The creative drive that a designer has is driven largely by their imagination and their confidence in their skills and the field they are working in. Nicholas chose promotional design because it allowed him the freedom to play with his skills and explore ideas which would otherwise not fit a creative brief.

Dennis Kelly’s Orphans produced by BlueFruit Theatre in 2013

“I tried for weeks and weeks to figure out “Orphans”, and I have a great relationship with the director so we were happy to go back and forth about a hundred times. Then one morning, I’d slept about two hours and she called me and as I was trying to remain conscious on the other end of the line, this vision of a place-setting surrounded by knives miraculously appeared in my head”

ORPHANS

“ It was just such a perfect way to capture that play, and I’d always wanted to try something like Saul Bass.”

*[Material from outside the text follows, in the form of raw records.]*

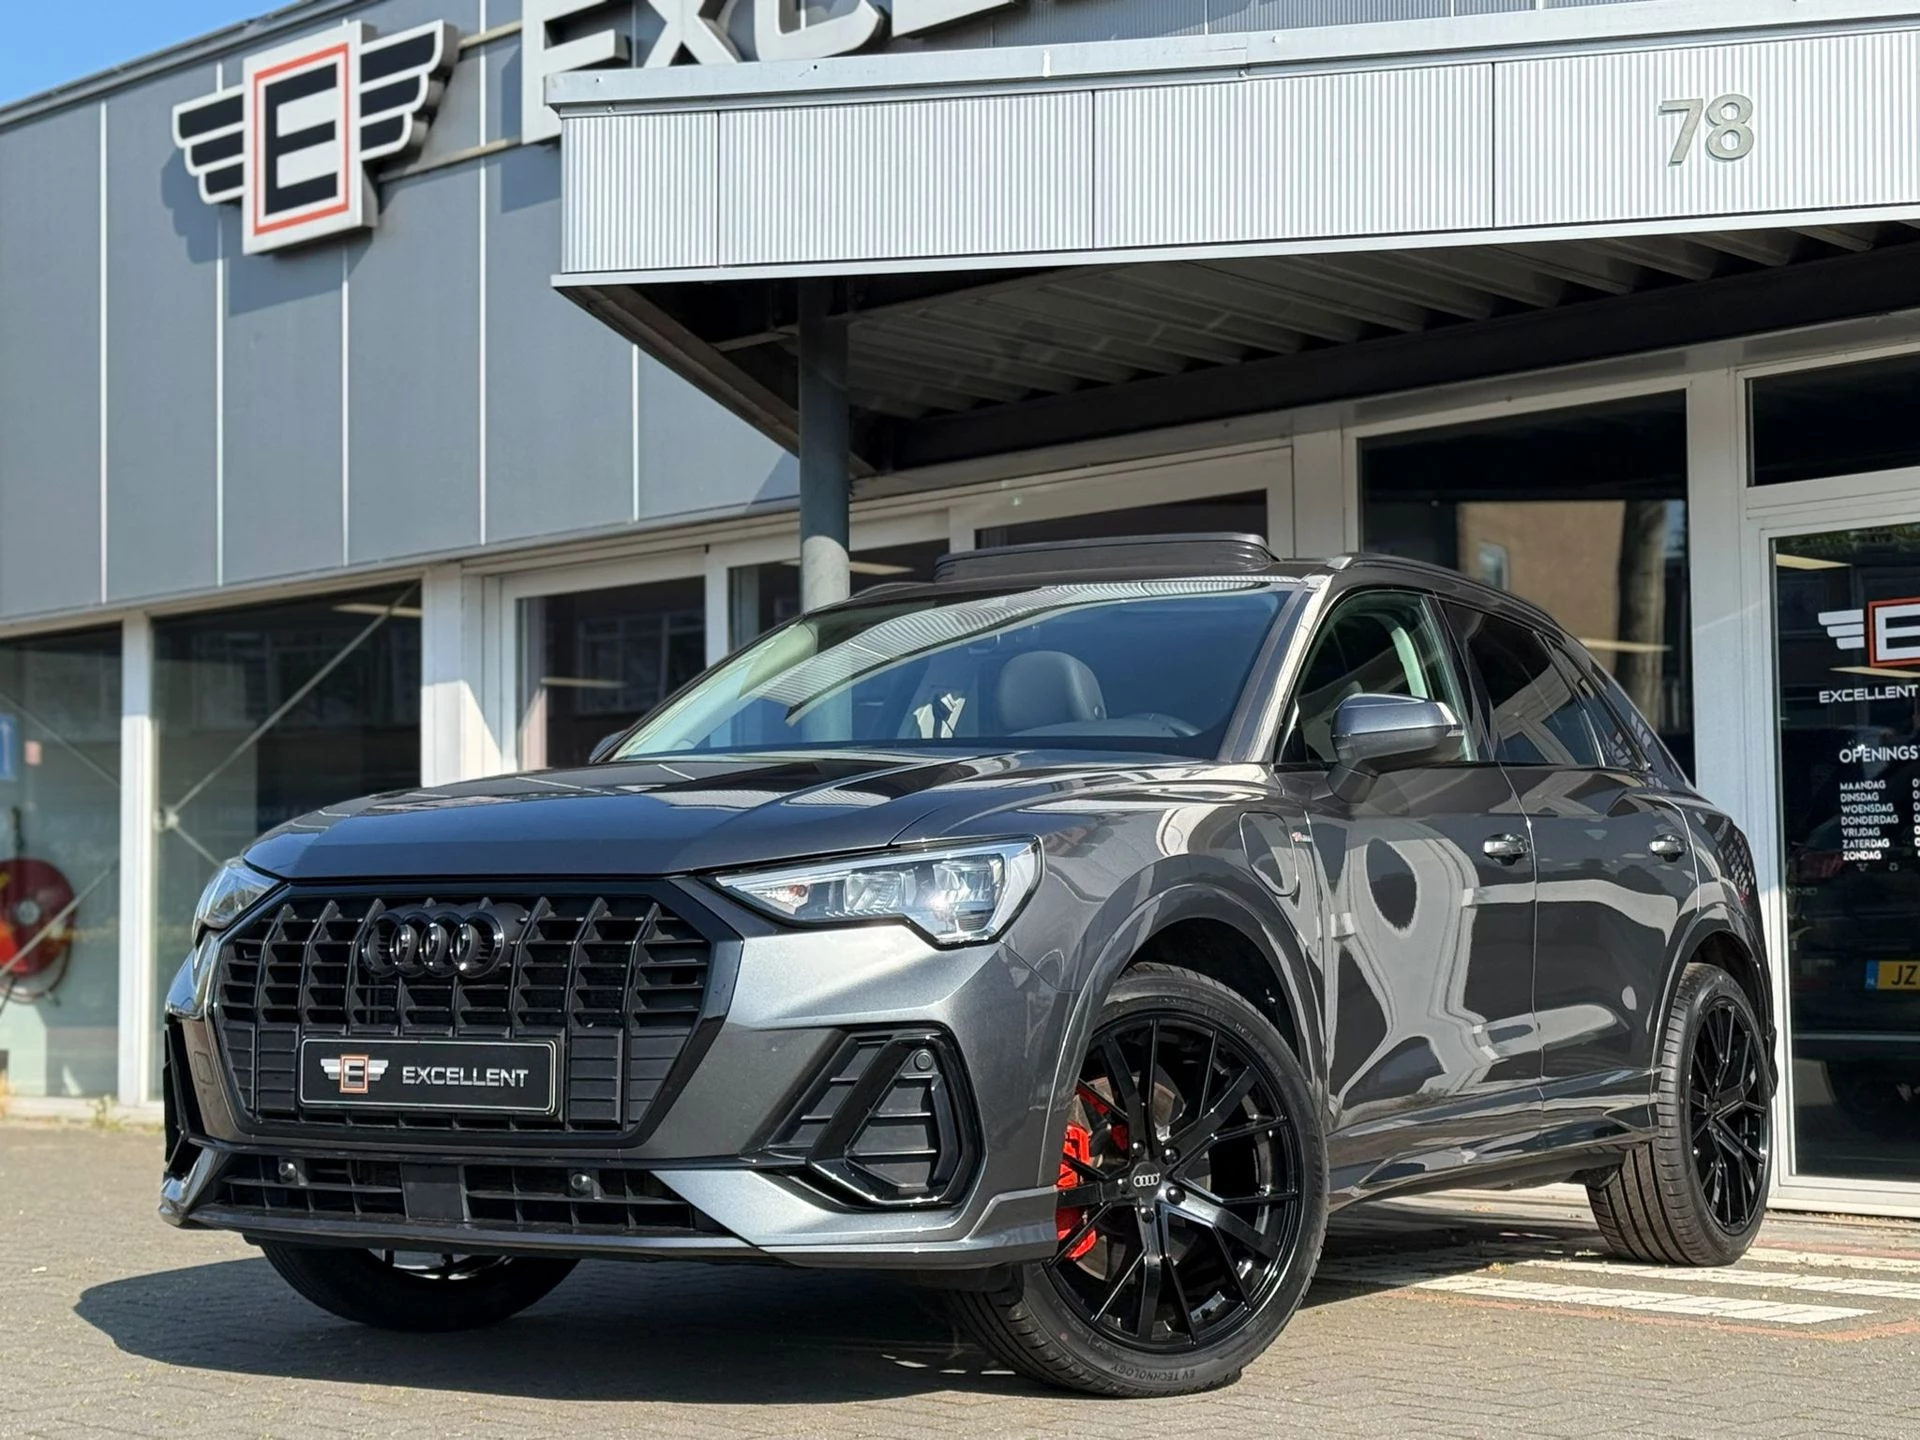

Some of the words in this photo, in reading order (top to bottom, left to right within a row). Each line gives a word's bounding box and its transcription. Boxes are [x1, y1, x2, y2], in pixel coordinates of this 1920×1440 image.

[1658, 93, 1755, 167] 78
[1819, 684, 1918, 703] EXCELLENT
[1839, 744, 1920, 763] OPENINGS
[1840, 780, 1886, 790] MAANDAG
[1840, 792, 1879, 802] DINSDAG
[1841, 803, 1894, 814] WOENSDAG
[1841, 815, 1899, 826] DONDERDAG
[1841, 827, 1881, 837] VRIJDAG
[1842, 838, 1890, 849] ZATERDAG
[1842, 850, 1882, 861] ZONDAG
[402, 1066, 529, 1088] EXCELLENT
[1110, 1363, 1179, 1381] TECHNOLOGY

John Logan’s Peter & Alice produced by Independent Theatre

“Peter & Alice” was a colossal job, and I didn’t have very long to do it. It’s a story about a meeting between the two real-life figures who inspired the characters of Peter Pan and Alice in Wonderland.”

PeterAndAlice_Poster

“At the end of 2013 when I was preparing a company’s playbill for 2014 (long before I had begun work on the poster), I made little icons for each show and I found a neat way to promote that play – he flies, she falls. But as I started to create the poster, we realized we needed something a little more spectacular, so I began to create this fairly elaborate fantasy in 3d, housed inside a giant watch (since both stories, and indeed the play itself deal intrinsically with time).”

PeterAndAlice-CU

Battling self-consciousness vs. Operating on the cusp

When it comes to design, Nicholas wages a careful balancing act of a day job in a studio and working as a freelancer at night. Not only does this require a large commitment to sitting in a chair all day long, but it is essentially working two jobs, which runs the risk of a creative burnout!

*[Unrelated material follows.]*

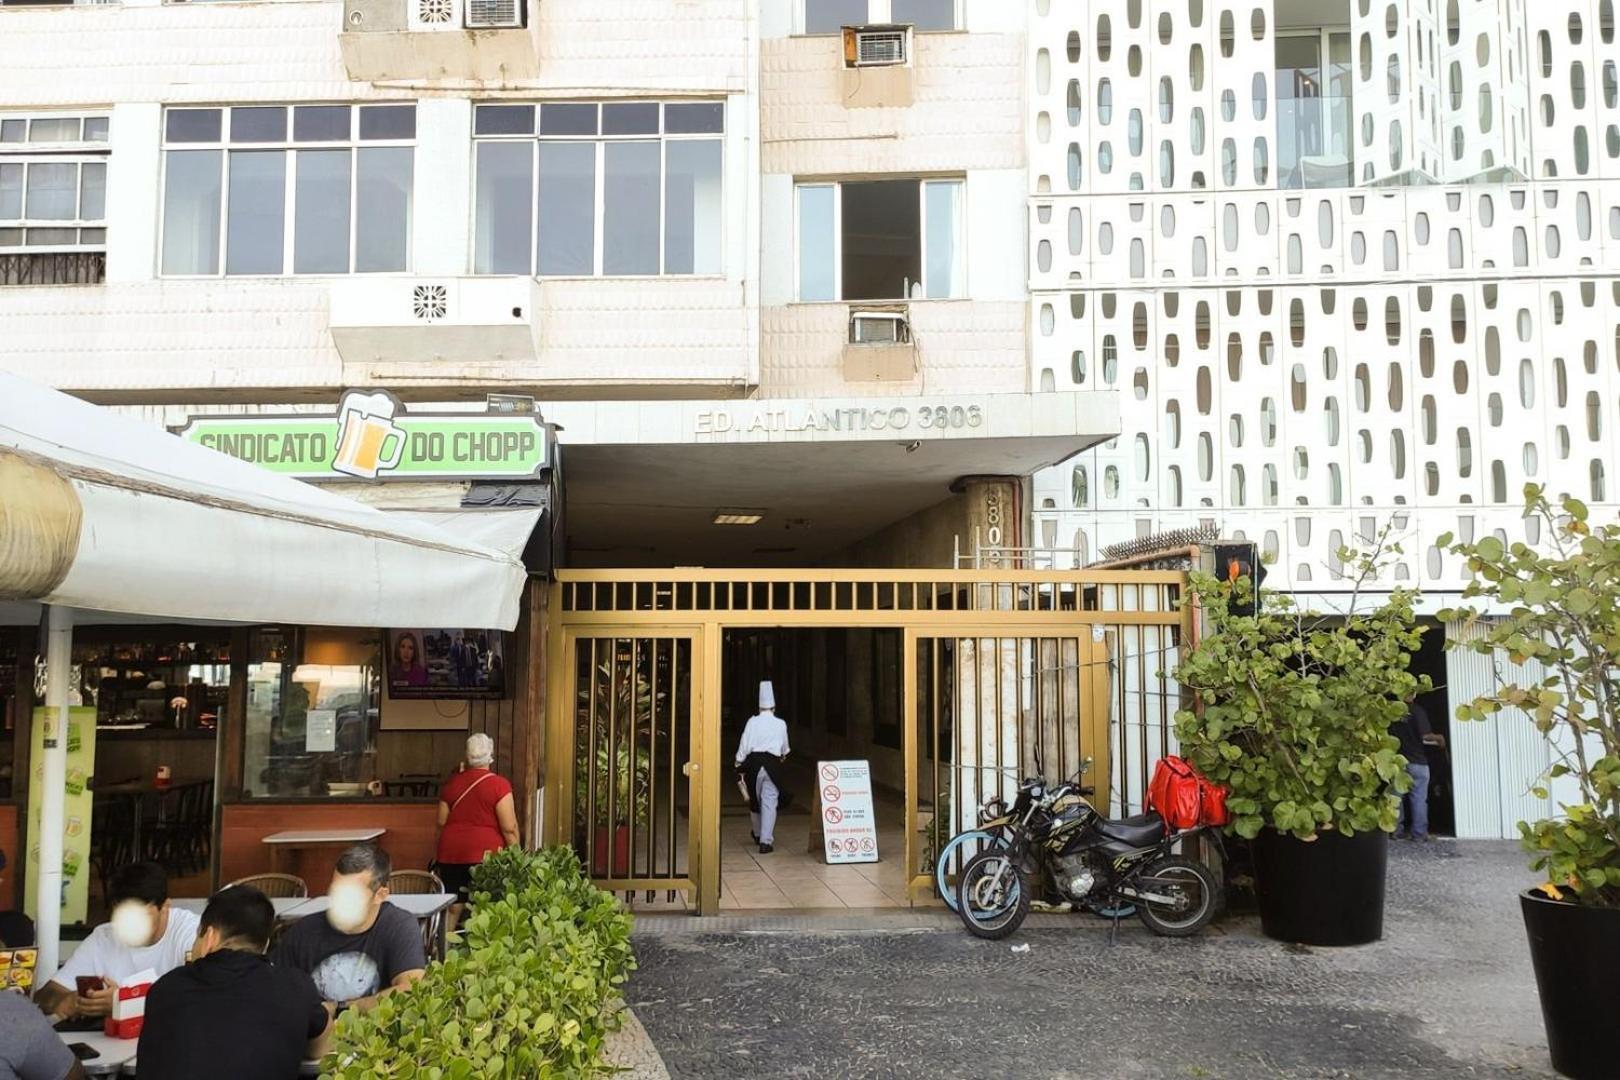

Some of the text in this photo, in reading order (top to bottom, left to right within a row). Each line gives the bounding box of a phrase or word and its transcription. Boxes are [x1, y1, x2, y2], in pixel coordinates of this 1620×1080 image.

[694, 405, 982, 433] ED. ATLANTICO 3806
[411, 432, 444, 462] DO
[452, 431, 535, 462] CHOPP

This is not a lifestyle that many designers would choose to live, however Nicholas has pulled it off so far! Although working his two jobs has brought him to make interesting comparisons between studio work and freelancing.

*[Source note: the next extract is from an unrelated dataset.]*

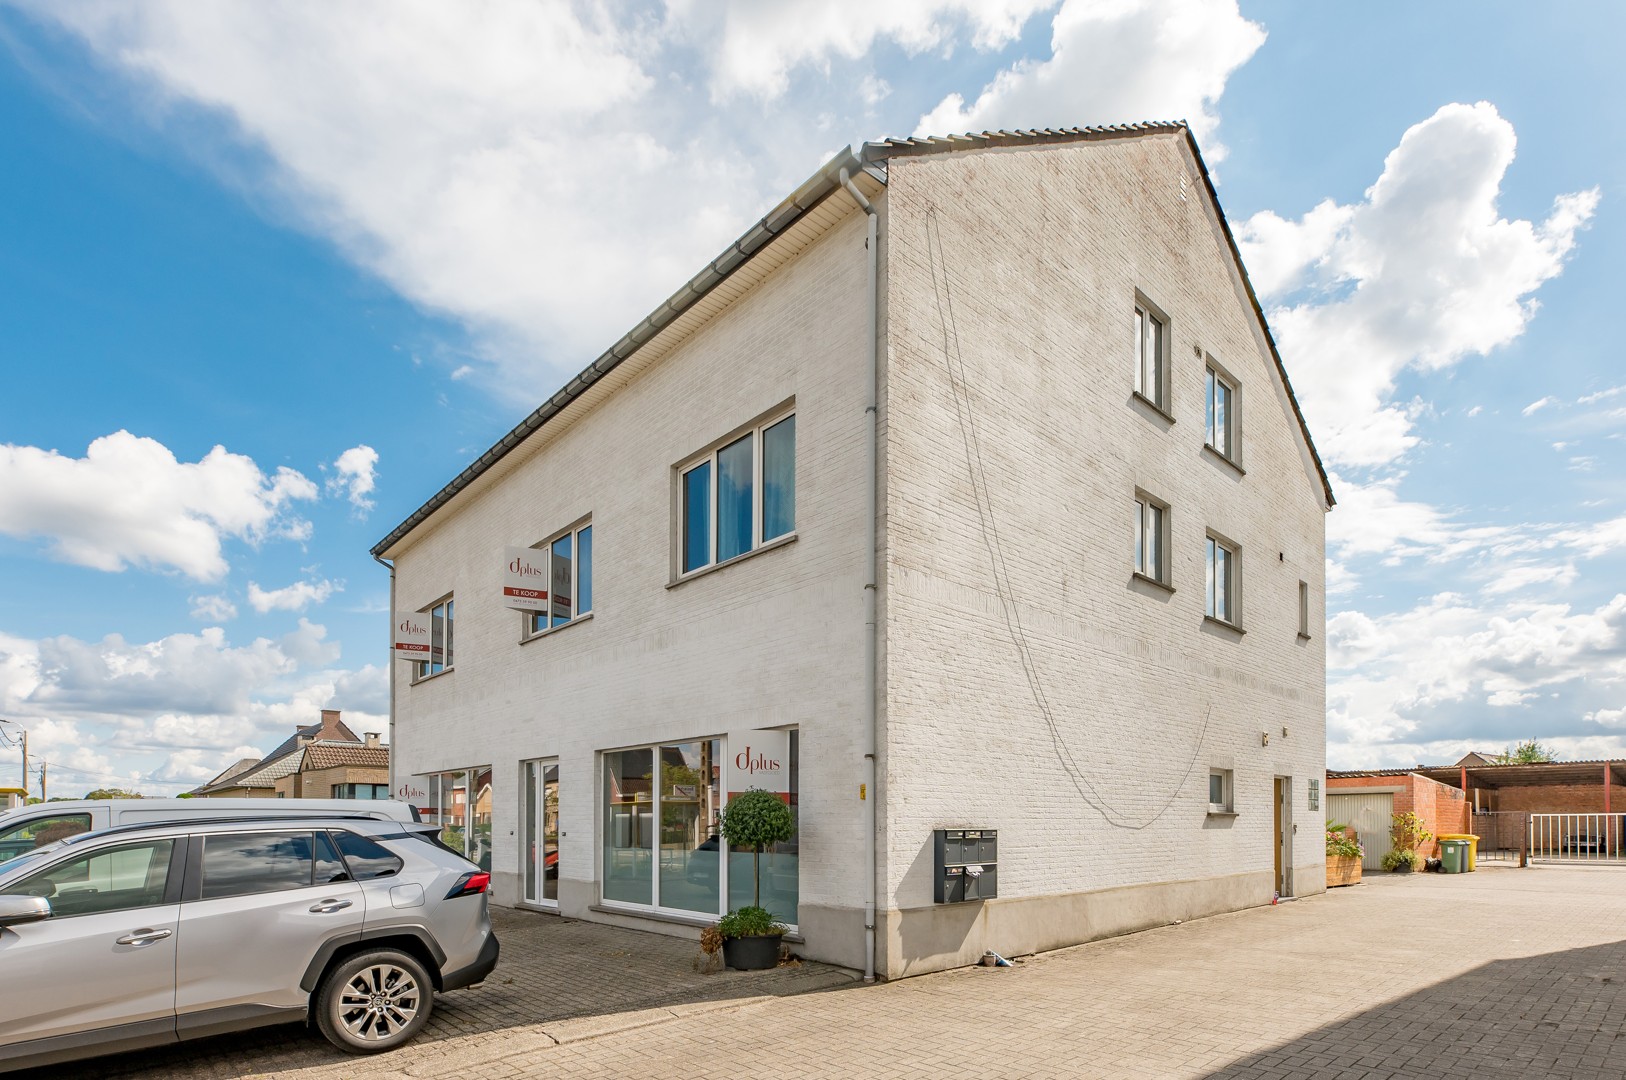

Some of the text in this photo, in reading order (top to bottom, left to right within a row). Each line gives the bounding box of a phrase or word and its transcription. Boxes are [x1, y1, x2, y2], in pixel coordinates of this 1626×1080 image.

[509, 557, 542, 577] dplus
[400, 620, 427, 635] dplus
[735, 746, 780, 775] dplus
[399, 784, 425, 800] dplus

“I’m much more self-conscious in the studio. Freelancing, operating on the cusp, gives you more room for that I think, to delve a little further into the substance of the work. And for me, that’s very much the root of my creative process, just knowing what it’s all about. But that can take time. These days I’m just trying to find the most irreducible way to express whatever requires expressing.”

Have you worked more than two jobs before? Did you stress out or survive it?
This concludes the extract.